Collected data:
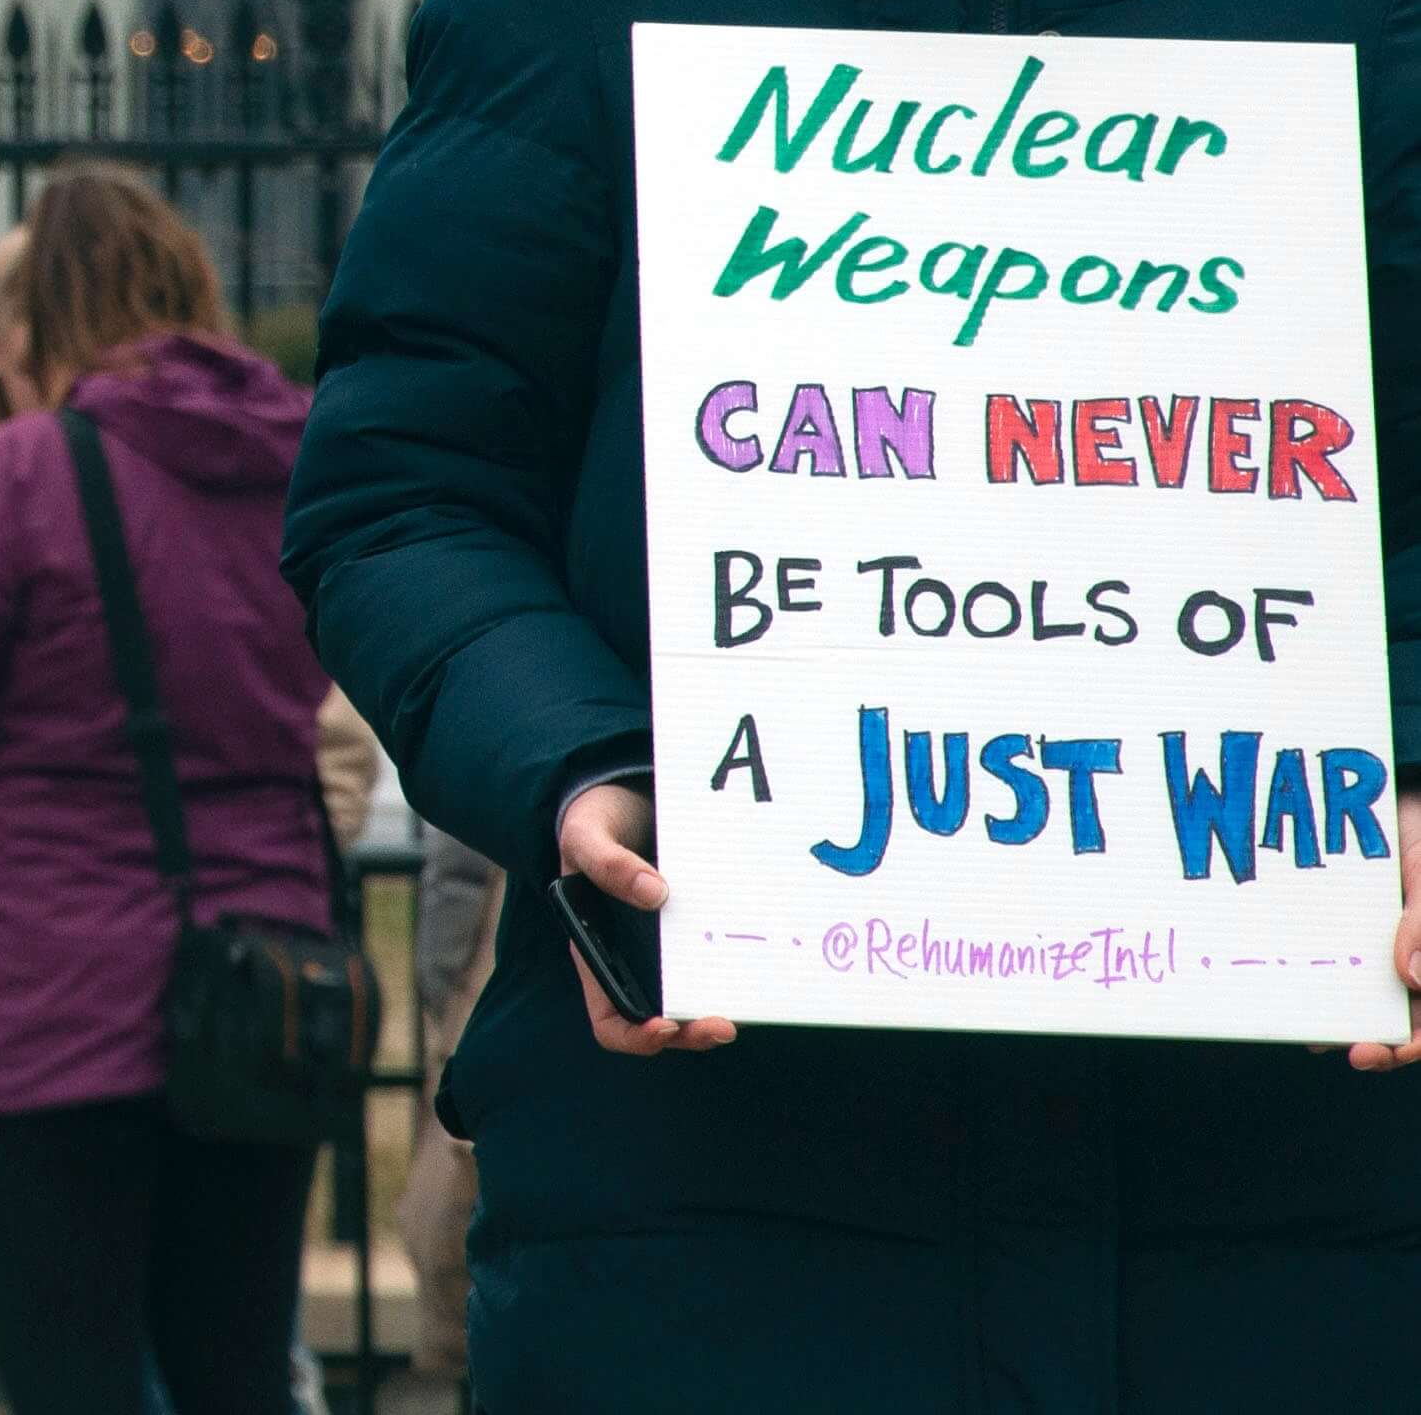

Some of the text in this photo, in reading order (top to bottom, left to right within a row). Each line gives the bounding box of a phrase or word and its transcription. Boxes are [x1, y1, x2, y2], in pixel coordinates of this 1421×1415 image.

[714, 55, 1228, 184] Nuclear
[711, 205, 1246, 347] Weapons
[694, 380, 1359, 503] CAN NEVER
[713, 549, 1314, 663] BE TOOLS OF
[709, 703, 1392, 884] A JUST WAR
[820, 917, 1177, 990] @RehumanizeIntl

| Task to carry out |
Your copy should match the records above exactly, apart from the pictures, which stay out.

| Task solution |
Some of the text in this photo, in reading order (top to bottom, left to right within a row). Each line gives the bounding box of a phrase or word and its transcription. Boxes are [x1, y1, x2, y2], in pixel coordinates of this 1421×1415 image.

[714, 55, 1228, 184] Nuclear
[711, 205, 1246, 347] Weapons
[694, 380, 1359, 503] CAN NEVER
[713, 549, 1314, 663] BE TOOLS OF
[709, 703, 1392, 884] A JUST WAR
[820, 917, 1177, 990] @RehumanizeIntl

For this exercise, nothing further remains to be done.